Functional renaissance of paper
The change to an information society has been completed, which has also changed the world of work: geographic immobilisation, concentration in megacities, newly designed large buildings that combine workplaces, places to eat, healthcare, sports, culture and communication facilities are typical trends. Paper plays an important role in these new developments – thanks to its controllable homogeneity, chemical-physical advantages and versatile functionality. “Sustainability” has become a reality. Sharing models and common sense (what do we really need?) make sure that resources are efficiently conserved. Paper has enjoyed a functional renaissance in many areas – for example as eco-friendly building material for external cladding or interior finishing, for wallpapers with lifestyle functions such as screen display, solar energy storage, odour and humidity optimisation or sound protection. The rapid consumption and availability of goods requires more frequent transports of the materials involved – which can only be realized ecologically with renewable resources like wood and paper.
Premises for 2050
- Megacities are most efficient living spaces – thanks to their modern mobility concepts, high energy efficiency and degree of land utilisation.
- Life in densely populated areas is governed by the principle “use rather than own“. Many business models have been changed from sale to rental/sharing schemes, e.g. for cars, e-bikes, DIY equipment.
- Buildings and infrastructure are important elements of local energy generation from renewable resources – e.g. photovoltaic arrays, wind power and algae production on or in facades.
- Sustainability considerations have led to increased rainwater use, separate supply systems for drinking and process waters, geothermal power generation in buildings.
- Tailor-made materials are used instead of steel; high-performance materials enable optimum insulation, building materials are based on synthetics and composites; many biological production processes have become state of the art.
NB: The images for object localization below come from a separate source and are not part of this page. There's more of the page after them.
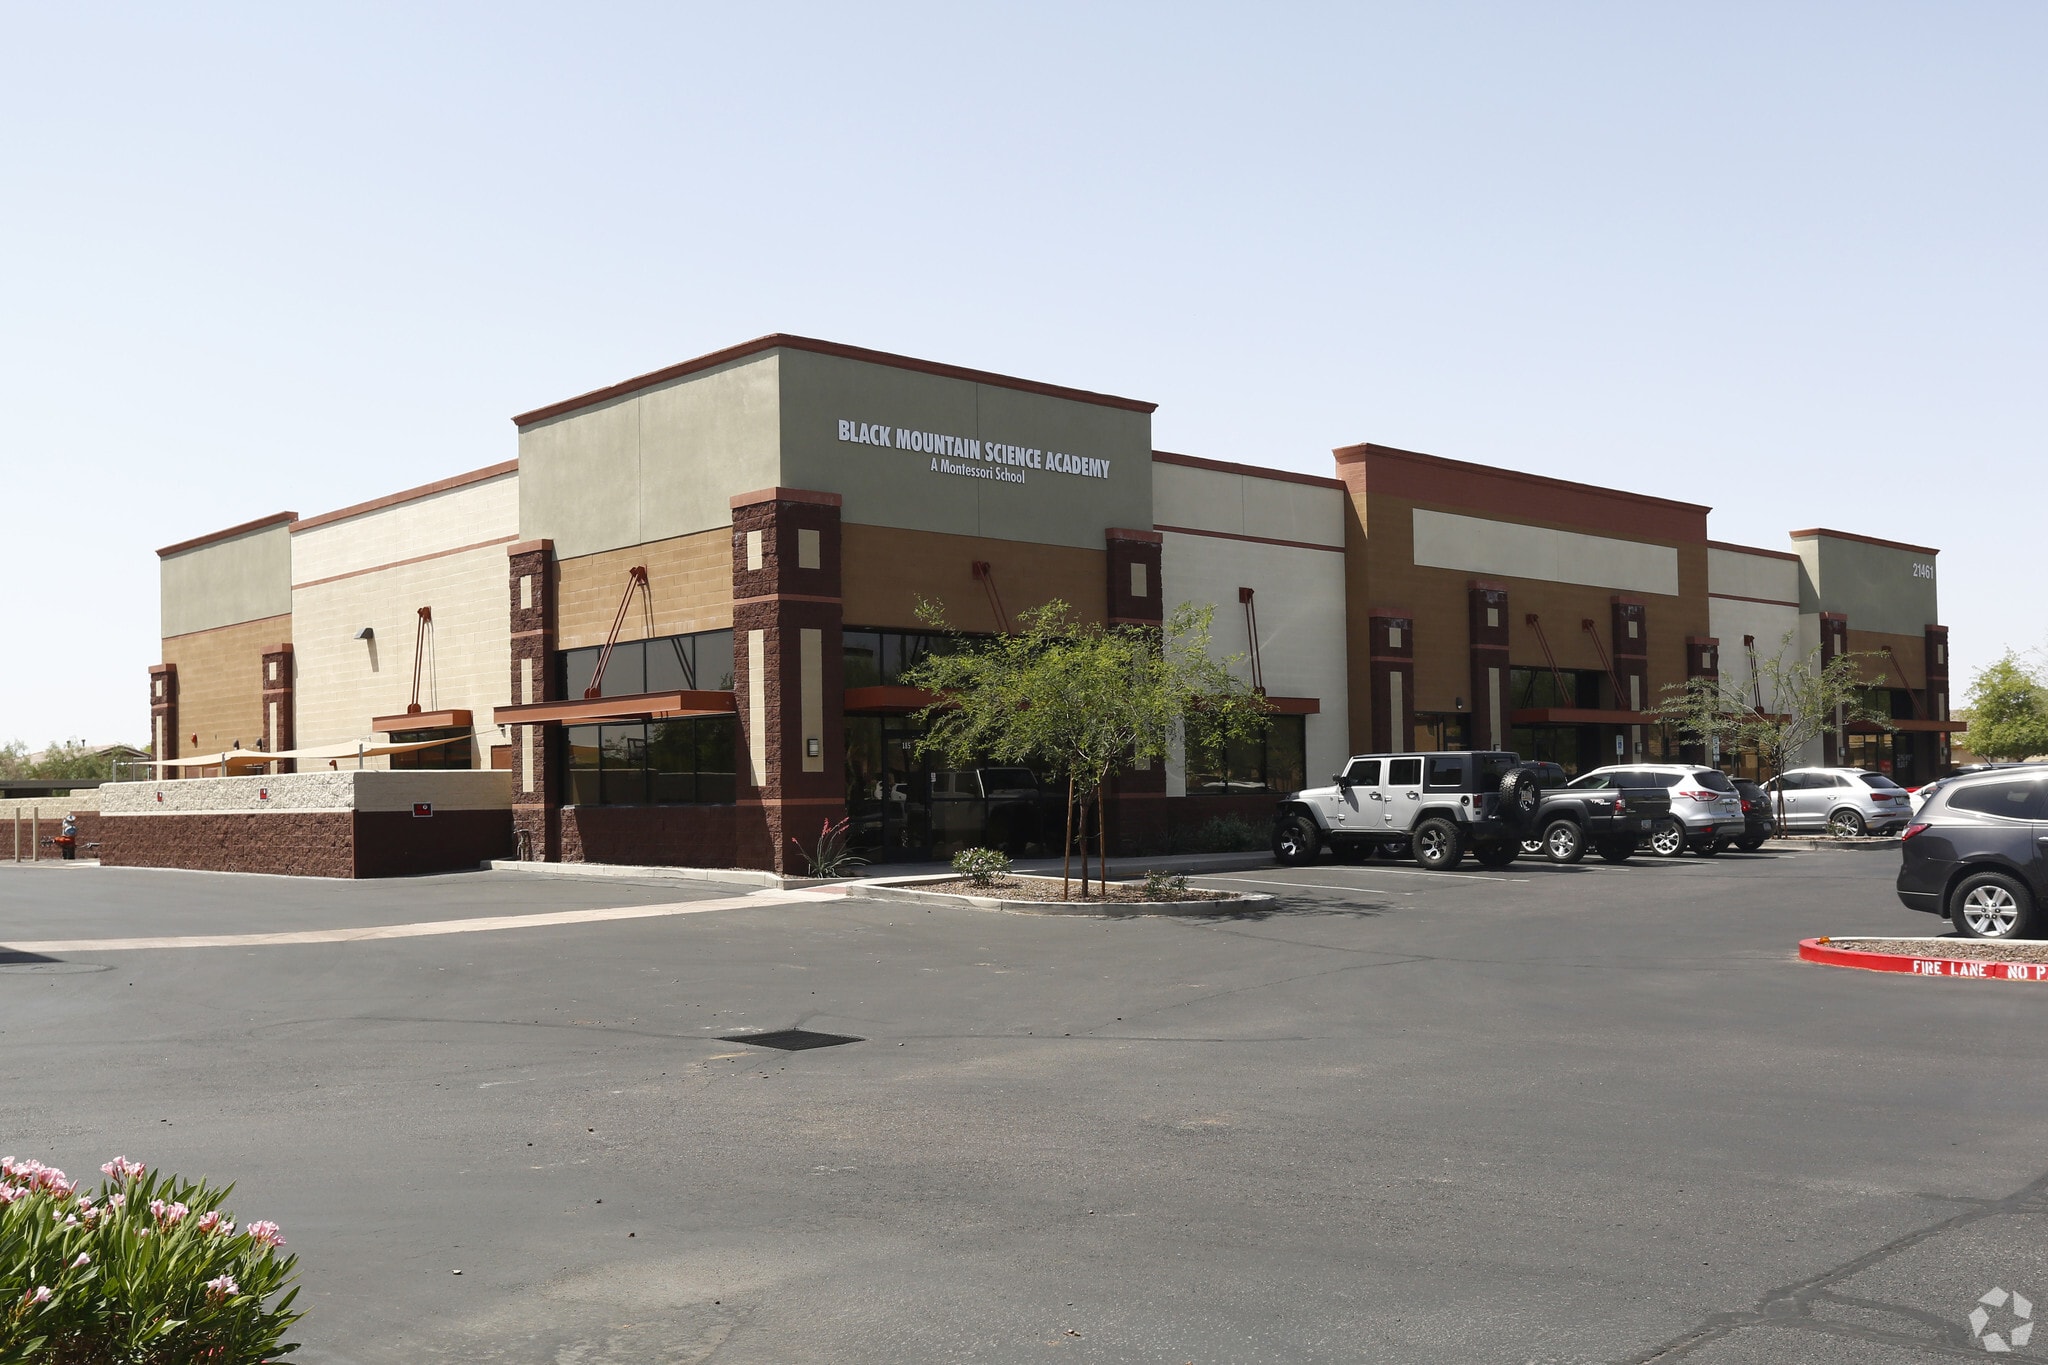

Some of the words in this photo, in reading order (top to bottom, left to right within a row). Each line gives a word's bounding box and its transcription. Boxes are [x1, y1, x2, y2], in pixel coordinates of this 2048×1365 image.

[838, 419, 892, 448] BLACK
[895, 428, 981, 460] MOUNTAIN
[985, 442, 1042, 469] SCIENCE
[1044, 451, 1111, 479] ACADEMY
[930, 457, 939, 472] A
[940, 459, 993, 481] Montessori
[995, 466, 1026, 484] School
[1912, 562, 1934, 580] 21461
[1913, 960, 1942, 975] FIRE
[1950, 962, 1987, 977] LANE
[2007, 965, 2028, 979] NO
[2036, 966, 2048, 980] P
Optoelectronics, miniaturisation, energy storage, biofuels, process/building management/network optimisation, photovoltaics, IT-enhanced transport infrastructure, carbon dioxide capture and storage have become major trends.
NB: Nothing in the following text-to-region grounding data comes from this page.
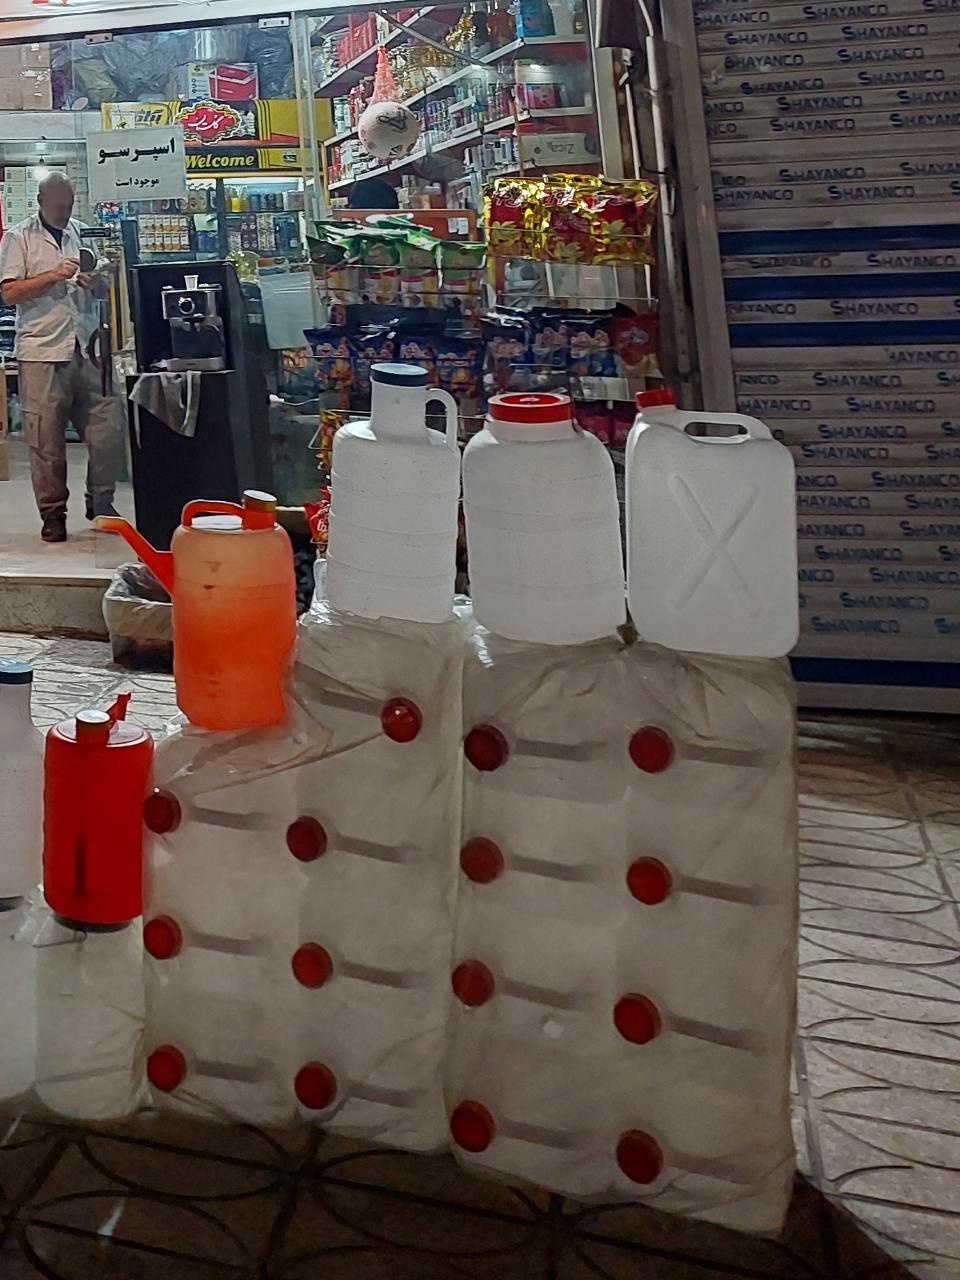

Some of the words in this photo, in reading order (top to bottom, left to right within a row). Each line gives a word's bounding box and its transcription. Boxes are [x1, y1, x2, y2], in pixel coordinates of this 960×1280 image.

[803, 5, 888, 20] SHAYANCO
[724, 32, 808, 45] SHAYANCO
[841, 24, 928, 41] SHAYANCO
[837, 47, 924, 63] SHAYANCO
[740, 78, 824, 95] SHAYANCO
[857, 69, 945, 85] SHAYANCO
[705, 101, 743, 114] ANCO
[776, 95, 863, 111] SHAYANCO
[897, 90, 960, 105] SHAYAN
[770, 118, 855, 132] SHAYANCO
[890, 113, 960, 127] SHAYAN
[97, 136, 175, 165] اسپرسو
[185, 153, 255, 169] Welcome
[778, 167, 865, 182] SHAYANCO
[899, 161, 960, 177] SHAYA
[115, 176, 133, 188] است
[134, 177, 160, 189] موجود
[827, 185, 915, 200] SHAYANCO
[866, 254, 955, 268] SHAYANCO
[728, 302, 797, 315] HAYANCO
[830, 301, 918, 316] SHAYANCO
[886, 349, 959, 364] HAYANCO
[737, 374, 779, 385] ANCO
[813, 372, 902, 387] SHAYANCO
[740, 400, 811, 412] HAYANCO
[846, 397, 936, 412] SHAYANCO
[818, 424, 906, 439] SHAYANCO
[801, 443, 889, 460] SHAYANCO
[797, 475, 837, 487] ANCO
[797, 495, 870, 509] HAYANCO
[904, 494, 960, 510] SHAYA
[798, 524, 865, 537] HAYANCO
[900, 520, 960, 537] SHAYA
[815, 545, 902, 561] SHAYANCO
[869, 567, 959, 584] SHAYANCO
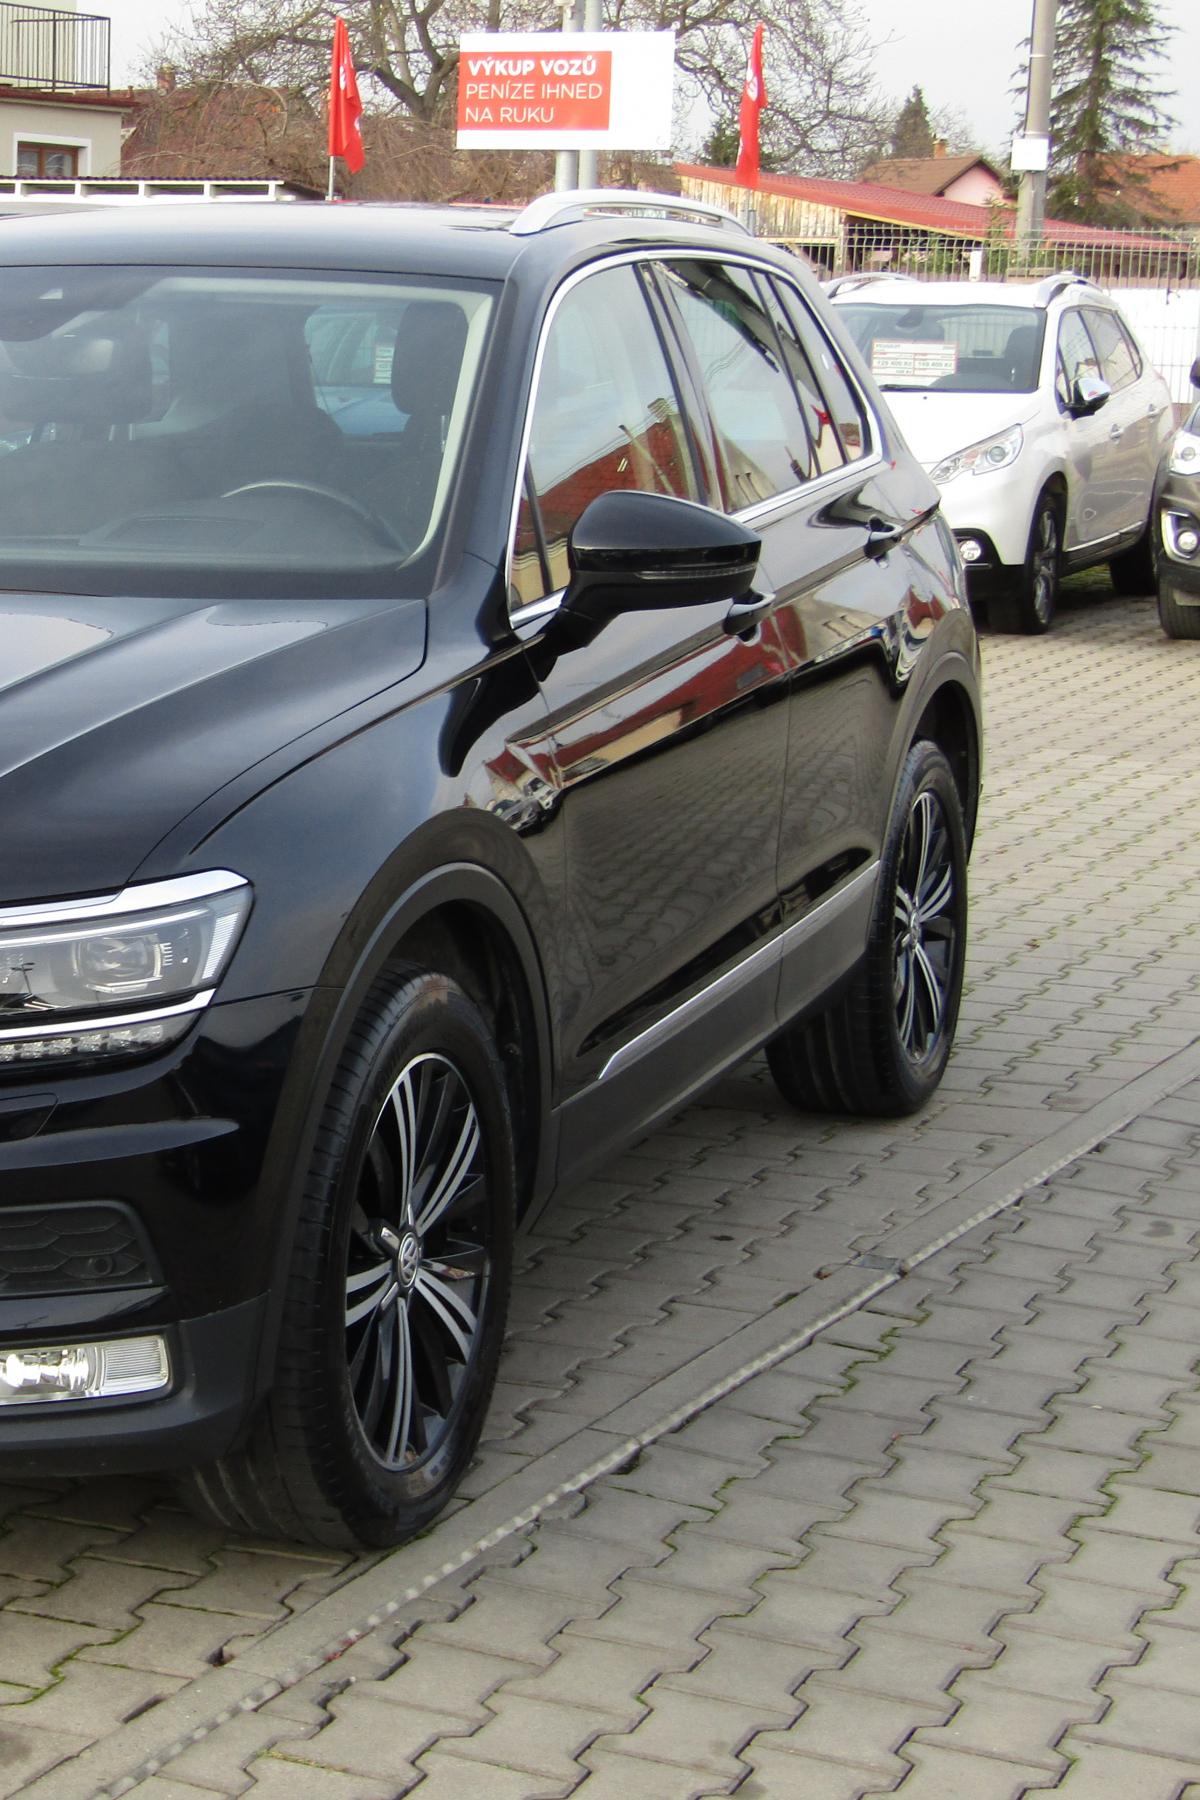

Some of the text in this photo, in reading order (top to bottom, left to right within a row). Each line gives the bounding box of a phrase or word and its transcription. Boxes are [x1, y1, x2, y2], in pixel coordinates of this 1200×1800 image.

Ideas directly related to paper until 2030
- Functionalized partitions made of fibre-based materials absorb odours and sound and have antibacterial effects.
- Facades made from weather-resistant paper serve as carrier structures for photovoltaic modules.
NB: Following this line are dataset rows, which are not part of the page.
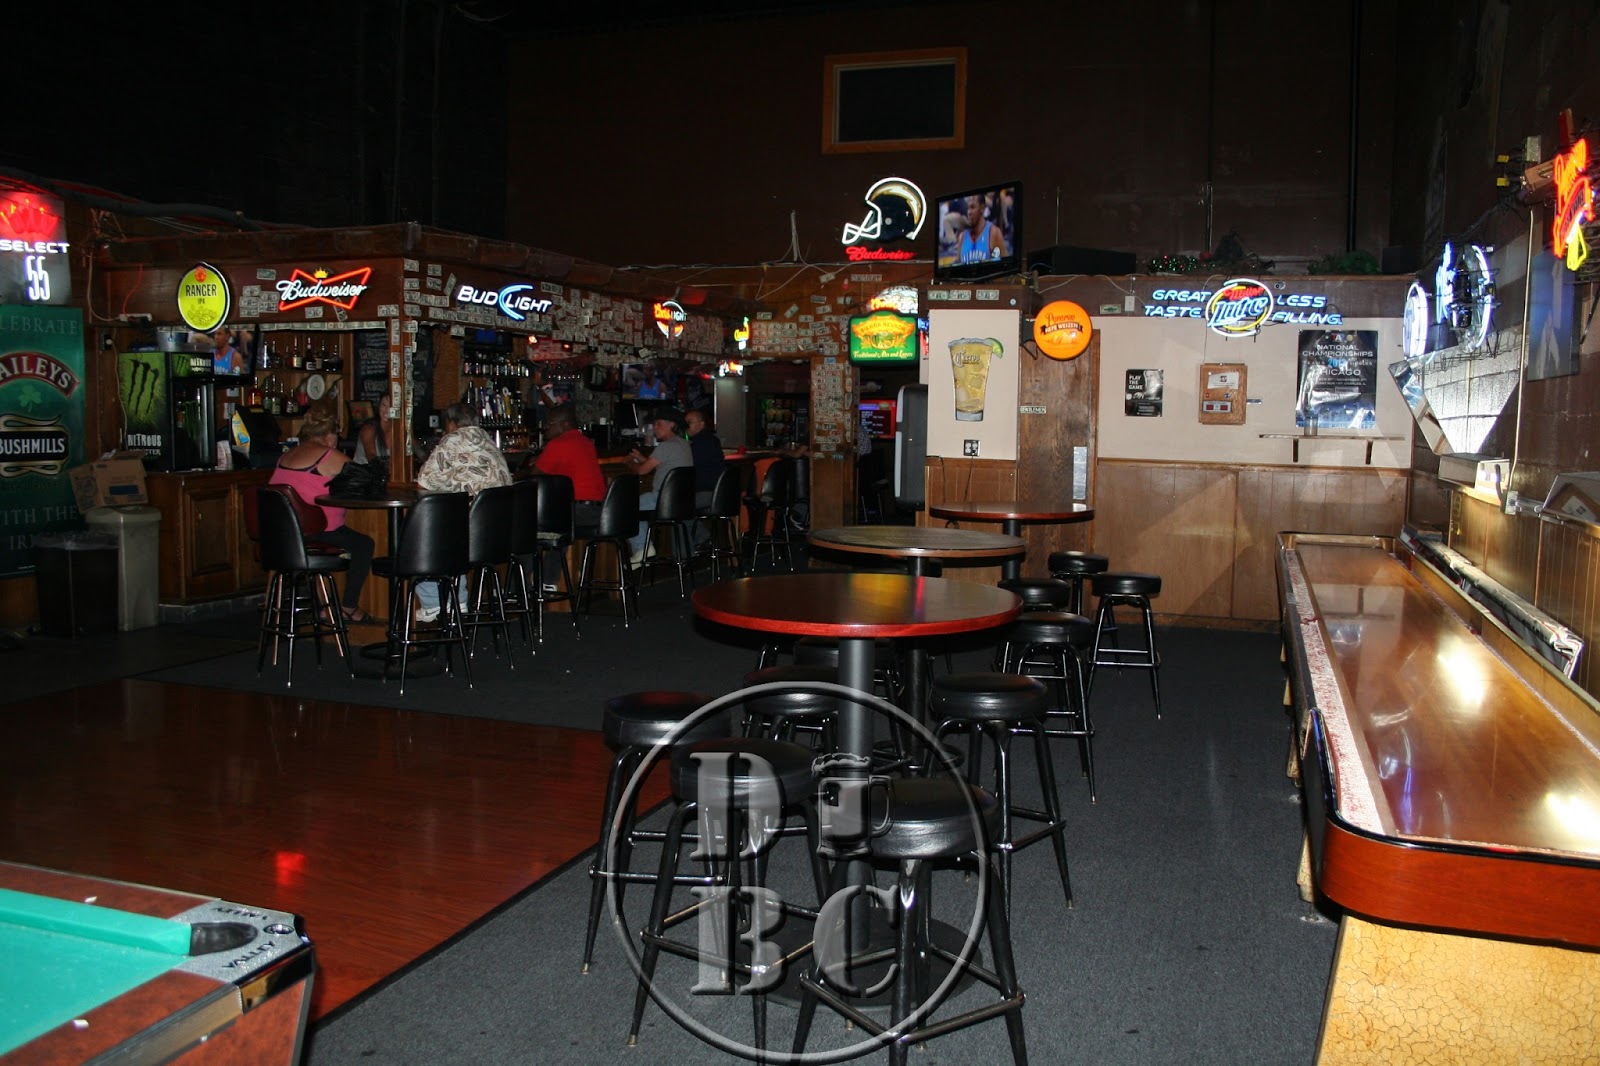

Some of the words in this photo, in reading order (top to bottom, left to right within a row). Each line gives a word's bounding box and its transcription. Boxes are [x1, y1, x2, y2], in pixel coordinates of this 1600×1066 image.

[0, 239, 70, 253] SELECT
[845, 246, 917, 260] Budweiser
[26, 255, 50, 300] 55
[185, 284, 217, 297] RANGER
[276, 280, 367, 300] Budweiser
[1152, 290, 1212, 302] GREAT
[457, 285, 498, 305] BUD
[505, 293, 552, 312] LIGHT
[1276, 295, 1326, 308] LESS
[1144, 306, 1202, 318] TASTE
[128, 434, 162, 446] NITROUS
- Thermo-plaster made from heat-insulating paper spheres for facades, flooring or wall insulation.
- Fire-resistant paper shreds for electric or thermal insulation or as/in fire walls for buildings.
- Gas storage e. g. by means of porous substances like metallic organic frameworks used as fillers in paper.
- Paper-fibre reinforced concrete for extended service life and less weight
- Advantages: tailor-made, demand-driven functionalisation leads to novel insulating materials, heat-insulating facades with integrated power generation, energy-saving air conditioning solutions for construction.
Ideas indirectly related to paper
- Biologically-physically active architecture creates convenient, healthy living and recreation environments without wasting resources.
- Self-sufficient buildings: secure adequate energy, heat, water and food supply.
- Radiation protection: active surfaces combat noise, smog, UV, fine particle and ozone pollution by converting pollutants into harmless substances.
- Seasonally active buildings: air-permeable, insulating windows and external walls.
- Active noise protection: interference phenomena are used for indoor noise control.
- Climate protection: new types of facade greening, vegetal arches over roads.